Major Incident Recovery Plan

What happens when the worst happens?

If you have a Video Surveillance System, you need to ask yourself this question.

From the owner of the smallest ‘off the shelf’ CCTV bundle, to the data controller of the largest network of connected video storage, your answers should all be easily to hand.

The Major Incident Recovery Plan is a vital document to help you, and any investigative agency, if and when the worst happens.

The bigger the system, the more detailed the document. The corner shop may just need a couple of pages. A Town Centre would need considerably more.

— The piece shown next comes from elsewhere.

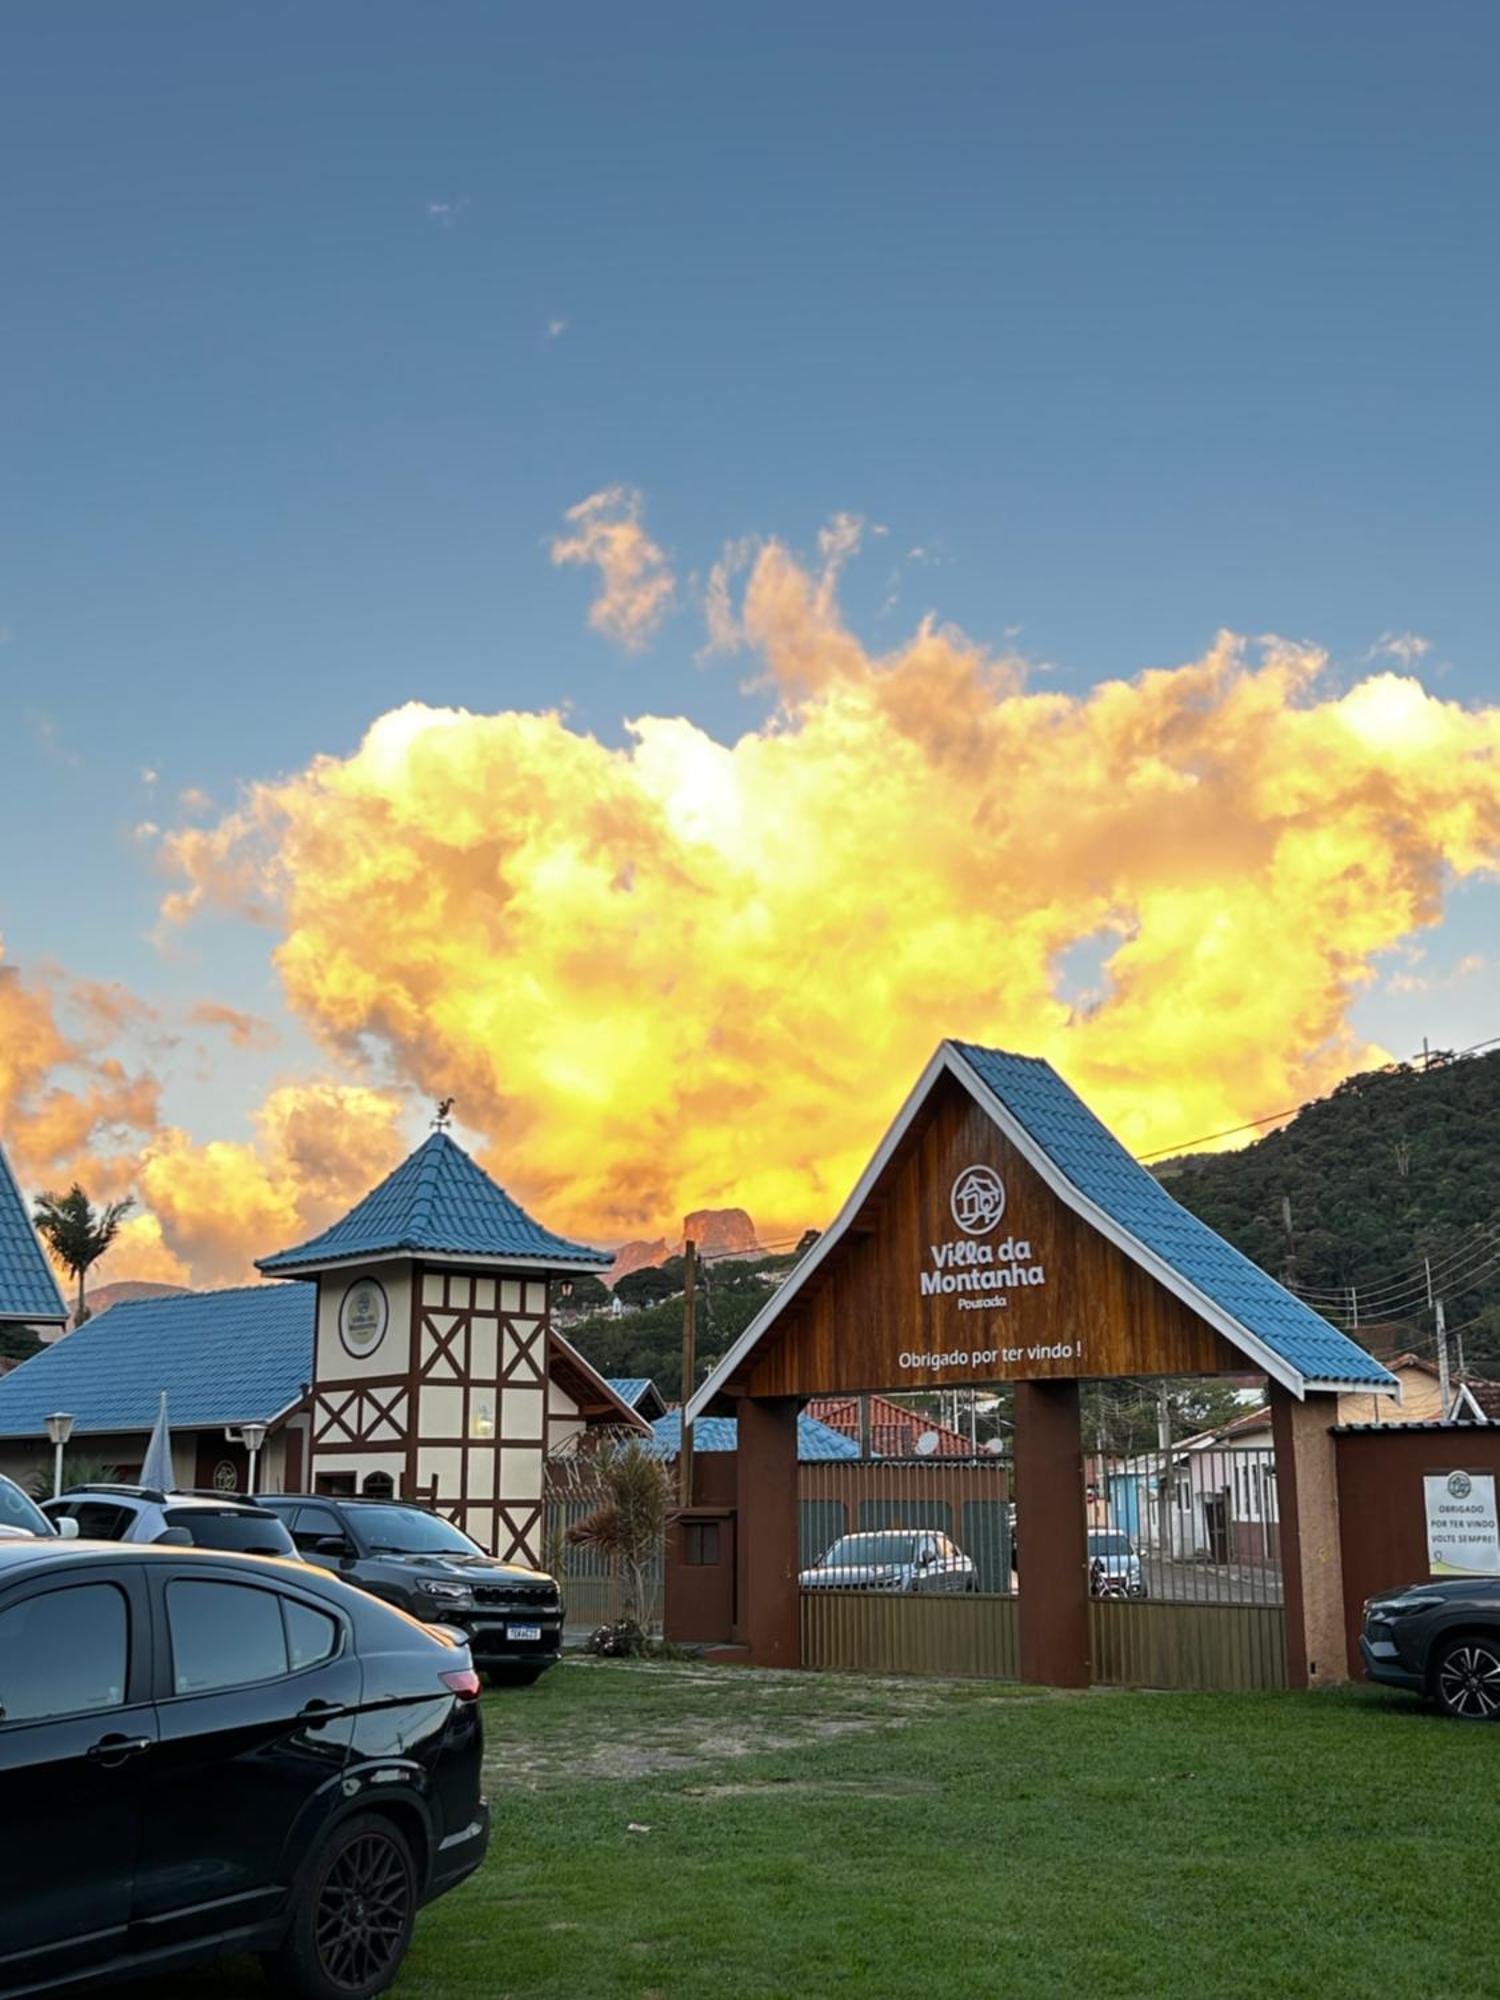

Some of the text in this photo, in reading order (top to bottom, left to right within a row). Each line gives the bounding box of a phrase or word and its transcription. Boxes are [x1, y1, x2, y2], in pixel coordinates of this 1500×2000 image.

The purpose of the plan is to have all the necessary information to hand when it’s required. It ensures that your system and surveillance are maintained throughout, with no loss of coverage or recording. It provides immediate knowledge of the critical information that is key during the early stages of a large investigation.


Many now have these plans stored digitally, so they can be accessed straight away and relevant information passed immediately to those requiring it.

So, what should be in a plan?

Well, apart from all the usual information that should already be documented as per any local legislation for information and surveillance, there are a few details that will make any immediate request for assistance go much smoother.

  • Name / Tel Number of all persons who have full access rights to the DVR/NVR/VMS: Someone must always be contactable. Having only one person, and for them to be on holiday is not good. This is not just technical access (password). They must also have a key to the office or cabinet if physical access restriction is in place.
  • Installer / Service Contract Engineer information.
  • Location of User Manual and System documentation.
  • Camera amount and coverage map.
  • DVR/NVR/VMS Manufacturer, Make, Model etc
  • Recording format. Video / Audio.
  • Recording List: Camera Number, Resolution, Frame Rate, VMD in use etc..
  • Details of any software required – Player / Client etc
  • Evidential Export Methods: There may be methods to extract and retain video data via network interface, off-site ‘bit for bit’ authenticated cloud storage, USB or optical disk.
  • How to extract 10 Mins of 1 camera?
  • How to extract 10 Hrs of all cameras?
  • How to preserve ALL footage?
  • How long do the exports take? Knowing the speed of exports is hugely important to ensure that the parameters and priorities of a recovery are met.

Parameters and Priorities should be documented by the requester. These detail what is needed and what is the most important? That way, using the maps and timing information, it will be possible to make effective decisions of what information is recovered and in what order.

The plan should have an annual review to ensure that all information is still valid.


You may think that your cameras would never catch an incident of such importance and that your DVR would never hold vital evidence in a crime of international interest. Think again.